Gli organofosforici e i carbammati sono comunemente impiegati come pesticidi in ambienti casalinghi, in agricoltura, industria e come parassiticidi in medicina veterinaria. I due gruppi di composti sono accomunati dal meccanismo d’azione e dal tipo di effetti tossici che esplicano a carico degli animali.
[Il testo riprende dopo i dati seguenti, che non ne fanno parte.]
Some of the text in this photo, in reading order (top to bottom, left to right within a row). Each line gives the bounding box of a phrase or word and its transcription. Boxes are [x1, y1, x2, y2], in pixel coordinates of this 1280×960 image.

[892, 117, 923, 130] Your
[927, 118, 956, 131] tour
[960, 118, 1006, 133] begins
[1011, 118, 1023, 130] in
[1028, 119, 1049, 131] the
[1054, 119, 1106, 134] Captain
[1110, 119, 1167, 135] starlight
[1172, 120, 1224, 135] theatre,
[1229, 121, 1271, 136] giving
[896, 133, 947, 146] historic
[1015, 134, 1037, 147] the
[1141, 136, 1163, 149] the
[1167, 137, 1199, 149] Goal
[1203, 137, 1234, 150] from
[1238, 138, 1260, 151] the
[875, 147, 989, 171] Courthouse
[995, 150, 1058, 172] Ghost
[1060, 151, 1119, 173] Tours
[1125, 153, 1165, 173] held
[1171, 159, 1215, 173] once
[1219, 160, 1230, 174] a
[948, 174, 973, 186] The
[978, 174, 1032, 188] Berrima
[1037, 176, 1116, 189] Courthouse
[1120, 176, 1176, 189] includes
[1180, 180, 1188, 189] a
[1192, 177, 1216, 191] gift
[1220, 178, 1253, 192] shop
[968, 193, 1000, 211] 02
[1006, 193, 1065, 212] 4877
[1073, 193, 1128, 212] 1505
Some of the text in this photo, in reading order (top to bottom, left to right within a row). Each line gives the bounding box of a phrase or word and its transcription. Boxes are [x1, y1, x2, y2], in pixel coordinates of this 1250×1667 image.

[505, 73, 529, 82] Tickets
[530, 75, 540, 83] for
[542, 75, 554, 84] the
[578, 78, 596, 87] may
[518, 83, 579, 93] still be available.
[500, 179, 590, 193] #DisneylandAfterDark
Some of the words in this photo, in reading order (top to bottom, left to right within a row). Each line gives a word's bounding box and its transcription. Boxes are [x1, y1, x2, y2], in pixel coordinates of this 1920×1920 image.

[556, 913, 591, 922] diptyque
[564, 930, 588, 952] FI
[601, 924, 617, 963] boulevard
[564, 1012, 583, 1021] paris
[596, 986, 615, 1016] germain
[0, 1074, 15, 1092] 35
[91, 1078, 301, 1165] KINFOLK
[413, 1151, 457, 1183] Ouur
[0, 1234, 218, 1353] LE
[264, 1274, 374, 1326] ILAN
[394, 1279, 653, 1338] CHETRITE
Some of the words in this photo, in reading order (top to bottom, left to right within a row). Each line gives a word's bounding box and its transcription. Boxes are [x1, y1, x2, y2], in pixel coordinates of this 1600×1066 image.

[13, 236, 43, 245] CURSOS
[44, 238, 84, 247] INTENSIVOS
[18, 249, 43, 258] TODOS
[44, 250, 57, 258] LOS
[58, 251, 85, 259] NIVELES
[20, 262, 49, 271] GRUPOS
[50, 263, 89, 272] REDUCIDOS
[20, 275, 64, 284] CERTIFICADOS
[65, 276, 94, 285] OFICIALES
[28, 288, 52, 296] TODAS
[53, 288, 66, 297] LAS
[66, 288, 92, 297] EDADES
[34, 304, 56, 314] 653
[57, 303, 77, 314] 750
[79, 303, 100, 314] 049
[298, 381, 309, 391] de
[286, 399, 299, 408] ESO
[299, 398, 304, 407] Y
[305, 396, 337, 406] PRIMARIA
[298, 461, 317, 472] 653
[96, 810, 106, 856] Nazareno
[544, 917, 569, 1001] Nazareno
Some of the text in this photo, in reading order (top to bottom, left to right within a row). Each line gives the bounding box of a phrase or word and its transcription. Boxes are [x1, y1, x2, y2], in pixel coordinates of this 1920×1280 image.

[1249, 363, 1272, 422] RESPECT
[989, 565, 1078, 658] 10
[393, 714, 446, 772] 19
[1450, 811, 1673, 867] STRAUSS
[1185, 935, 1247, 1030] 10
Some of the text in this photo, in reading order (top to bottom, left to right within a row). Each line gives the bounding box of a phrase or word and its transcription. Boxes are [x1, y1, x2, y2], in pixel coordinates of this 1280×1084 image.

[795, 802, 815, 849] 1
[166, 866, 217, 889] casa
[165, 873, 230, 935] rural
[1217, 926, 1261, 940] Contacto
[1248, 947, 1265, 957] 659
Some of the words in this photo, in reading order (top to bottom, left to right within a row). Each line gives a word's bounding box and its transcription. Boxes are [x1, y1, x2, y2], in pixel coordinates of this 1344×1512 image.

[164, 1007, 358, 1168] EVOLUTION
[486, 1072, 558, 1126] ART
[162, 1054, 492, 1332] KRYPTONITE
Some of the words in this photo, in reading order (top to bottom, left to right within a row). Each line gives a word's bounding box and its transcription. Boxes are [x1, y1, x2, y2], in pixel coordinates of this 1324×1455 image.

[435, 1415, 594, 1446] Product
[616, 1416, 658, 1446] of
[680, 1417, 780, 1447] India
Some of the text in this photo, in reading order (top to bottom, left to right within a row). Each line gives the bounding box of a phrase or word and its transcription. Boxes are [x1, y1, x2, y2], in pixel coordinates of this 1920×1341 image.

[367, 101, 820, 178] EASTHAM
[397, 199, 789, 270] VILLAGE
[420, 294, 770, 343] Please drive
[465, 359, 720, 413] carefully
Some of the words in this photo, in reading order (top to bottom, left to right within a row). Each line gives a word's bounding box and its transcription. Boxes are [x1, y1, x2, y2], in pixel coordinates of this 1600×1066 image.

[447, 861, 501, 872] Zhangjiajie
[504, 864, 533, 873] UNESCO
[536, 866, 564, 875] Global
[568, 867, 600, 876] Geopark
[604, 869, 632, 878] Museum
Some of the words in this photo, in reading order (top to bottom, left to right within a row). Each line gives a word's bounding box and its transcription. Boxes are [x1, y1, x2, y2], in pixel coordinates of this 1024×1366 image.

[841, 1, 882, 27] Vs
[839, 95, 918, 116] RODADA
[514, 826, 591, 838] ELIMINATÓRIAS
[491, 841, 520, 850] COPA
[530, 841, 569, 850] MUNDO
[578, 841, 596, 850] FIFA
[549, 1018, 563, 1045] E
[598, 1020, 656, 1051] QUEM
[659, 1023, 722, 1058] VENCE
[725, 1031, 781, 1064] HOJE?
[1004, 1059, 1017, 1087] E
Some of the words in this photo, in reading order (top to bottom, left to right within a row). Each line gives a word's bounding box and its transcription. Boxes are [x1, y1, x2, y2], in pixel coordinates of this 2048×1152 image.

Entrambe le classi comprendono sia molecole con tossicità relativamente bassa, sia molecole estremamente tossiche e letali (gas nervini).

La sintesi del primo organofosforico risale al 1854 ma il maggiore sviluppo avviene intorno alla seconda Guerra Mondiale, quando sono numerose le molecole, a volte anche estremamente tossiche e poco selettive (es. gas nervini), che vengono sviluppate per vari scopi. A partire dal dopoguerra la sintesi di molecole si avvia verso lo sviluppo di sostanze più selettive, dunque tossiche per gli insetti ma meno tossiche per i mammiferi, e per circa 50 anni sono stati i principali insetticidi utilizzati in tutto il mondo. Attualmente, sono almeno un centinaio gli organofosforici impiegati per vari scopi.   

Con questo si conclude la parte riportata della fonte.